§ Exercise directions
What you return must match the records word for word.
+===+
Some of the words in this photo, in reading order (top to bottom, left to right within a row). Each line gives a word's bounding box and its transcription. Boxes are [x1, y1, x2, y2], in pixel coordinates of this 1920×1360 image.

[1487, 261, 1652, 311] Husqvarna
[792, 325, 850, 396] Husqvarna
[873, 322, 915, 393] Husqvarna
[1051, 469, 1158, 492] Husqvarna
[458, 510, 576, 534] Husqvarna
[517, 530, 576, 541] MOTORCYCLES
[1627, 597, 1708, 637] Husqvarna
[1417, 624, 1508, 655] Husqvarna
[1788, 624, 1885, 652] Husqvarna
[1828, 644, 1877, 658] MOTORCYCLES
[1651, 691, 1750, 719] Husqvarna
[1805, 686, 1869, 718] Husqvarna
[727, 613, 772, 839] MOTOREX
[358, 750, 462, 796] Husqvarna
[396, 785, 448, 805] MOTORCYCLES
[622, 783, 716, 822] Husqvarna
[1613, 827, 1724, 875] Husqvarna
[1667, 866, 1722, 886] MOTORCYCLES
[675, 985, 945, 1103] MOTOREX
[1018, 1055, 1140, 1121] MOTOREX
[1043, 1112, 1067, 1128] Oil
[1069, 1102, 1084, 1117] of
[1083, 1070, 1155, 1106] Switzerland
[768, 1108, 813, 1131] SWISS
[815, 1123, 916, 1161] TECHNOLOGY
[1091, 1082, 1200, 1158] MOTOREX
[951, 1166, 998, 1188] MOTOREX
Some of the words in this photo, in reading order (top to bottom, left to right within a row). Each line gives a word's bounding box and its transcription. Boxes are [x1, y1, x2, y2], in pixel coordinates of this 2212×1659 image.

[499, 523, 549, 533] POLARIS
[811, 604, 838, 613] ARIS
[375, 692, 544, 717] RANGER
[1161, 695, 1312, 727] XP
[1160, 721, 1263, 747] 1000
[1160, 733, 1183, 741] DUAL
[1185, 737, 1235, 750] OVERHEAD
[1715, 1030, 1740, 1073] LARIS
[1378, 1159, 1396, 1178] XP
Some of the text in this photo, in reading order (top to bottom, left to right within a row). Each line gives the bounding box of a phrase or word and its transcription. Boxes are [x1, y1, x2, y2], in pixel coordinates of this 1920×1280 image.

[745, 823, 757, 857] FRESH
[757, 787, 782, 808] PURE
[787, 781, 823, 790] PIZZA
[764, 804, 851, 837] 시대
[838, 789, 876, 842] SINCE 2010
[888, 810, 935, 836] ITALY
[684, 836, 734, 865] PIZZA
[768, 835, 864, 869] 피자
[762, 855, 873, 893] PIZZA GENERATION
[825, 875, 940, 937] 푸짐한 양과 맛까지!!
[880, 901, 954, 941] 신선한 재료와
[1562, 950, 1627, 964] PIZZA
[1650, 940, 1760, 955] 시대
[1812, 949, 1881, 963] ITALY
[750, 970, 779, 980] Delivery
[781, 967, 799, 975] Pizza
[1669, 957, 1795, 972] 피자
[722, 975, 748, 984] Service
+===+
§ Answer area
Some of the words in this photo, in reading order (top to bottom, left to right within a row). Each line gives a word's bounding box and its transcription. Boxes are [x1, y1, x2, y2], in pixel coordinates of this 1920×1360 image.

[1487, 261, 1652, 311] Husqvarna
[792, 325, 850, 396] Husqvarna
[873, 322, 915, 393] Husqvarna
[1051, 469, 1158, 492] Husqvarna
[458, 510, 576, 534] Husqvarna
[517, 530, 576, 541] MOTORCYCLES
[1627, 597, 1708, 637] Husqvarna
[1417, 624, 1508, 655] Husqvarna
[1788, 624, 1885, 652] Husqvarna
[1828, 644, 1877, 658] MOTORCYCLES
[1651, 691, 1750, 719] Husqvarna
[1805, 686, 1869, 718] Husqvarna
[727, 613, 772, 839] MOTOREX
[358, 750, 462, 796] Husqvarna
[396, 785, 448, 805] MOTORCYCLES
[622, 783, 716, 822] Husqvarna
[1613, 827, 1724, 875] Husqvarna
[1667, 866, 1722, 886] MOTORCYCLES
[675, 985, 945, 1103] MOTOREX
[1018, 1055, 1140, 1121] MOTOREX
[1043, 1112, 1067, 1128] Oil
[1069, 1102, 1084, 1117] of
[1083, 1070, 1155, 1106] Switzerland
[768, 1108, 813, 1131] SWISS
[815, 1123, 916, 1161] TECHNOLOGY
[1091, 1082, 1200, 1158] MOTOREX
[951, 1166, 998, 1188] MOTOREX
Some of the words in this photo, in reading order (top to bottom, left to right within a row). Each line gives a word's bounding box and its transcription. Boxes are [x1, y1, x2, y2], in pixel coordinates of this 2212×1659 image.

[499, 523, 549, 533] POLARIS
[811, 604, 838, 613] ARIS
[375, 692, 544, 717] RANGER
[1161, 695, 1312, 727] XP
[1160, 721, 1263, 747] 1000
[1160, 733, 1183, 741] DUAL
[1185, 737, 1235, 750] OVERHEAD
[1715, 1030, 1740, 1073] LARIS
[1378, 1159, 1396, 1178] XP
Some of the text in this photo, in reading order (top to bottom, left to right within a row). Each line gives the bounding box of a phrase or word and its transcription. Boxes are [x1, y1, x2, y2], in pixel coordinates of this 1920×1280 image.

[745, 823, 757, 857] FRESH
[757, 787, 782, 808] PURE
[787, 781, 823, 790] PIZZA
[764, 804, 851, 837] 시대
[838, 789, 876, 842] SINCE 2010
[888, 810, 935, 836] ITALY
[684, 836, 734, 865] PIZZA
[768, 835, 864, 869] 피자
[762, 855, 873, 893] PIZZA GENERATION
[825, 875, 940, 937] 푸짐한 양과 맛까지!!
[880, 901, 954, 941] 신선한 재료와
[1562, 950, 1627, 964] PIZZA
[1650, 940, 1760, 955] 시대
[1812, 949, 1881, 963] ITALY
[750, 970, 779, 980] Delivery
[781, 967, 799, 975] Pizza
[1669, 957, 1795, 972] 피자
[722, 975, 748, 984] Service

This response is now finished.